__Work instruction__
The output must match the entries below exactly.
** Provided data follows **
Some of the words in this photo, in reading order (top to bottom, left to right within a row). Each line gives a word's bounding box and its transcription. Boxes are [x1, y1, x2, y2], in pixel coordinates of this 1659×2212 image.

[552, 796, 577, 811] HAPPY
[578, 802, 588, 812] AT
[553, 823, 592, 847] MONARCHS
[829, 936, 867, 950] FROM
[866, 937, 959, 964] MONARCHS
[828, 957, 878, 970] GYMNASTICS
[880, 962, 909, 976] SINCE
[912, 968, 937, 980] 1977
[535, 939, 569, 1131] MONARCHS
** End of Provided data **
__Task solution__
Some of the words in this photo, in reading order (top to bottom, left to right within a row). Each line gives a word's bounding box and its transcription. Boxes are [x1, y1, x2, y2], in pixel coordinates of this 1659×2212 image.

[552, 796, 577, 811] HAPPY
[578, 802, 588, 812] AT
[553, 823, 592, 847] MONARCHS
[829, 936, 867, 950] FROM
[866, 937, 959, 964] MONARCHS
[828, 957, 878, 970] GYMNASTICS
[880, 962, 909, 976] SINCE
[912, 968, 937, 980] 1977
[535, 939, 569, 1131] MONARCHS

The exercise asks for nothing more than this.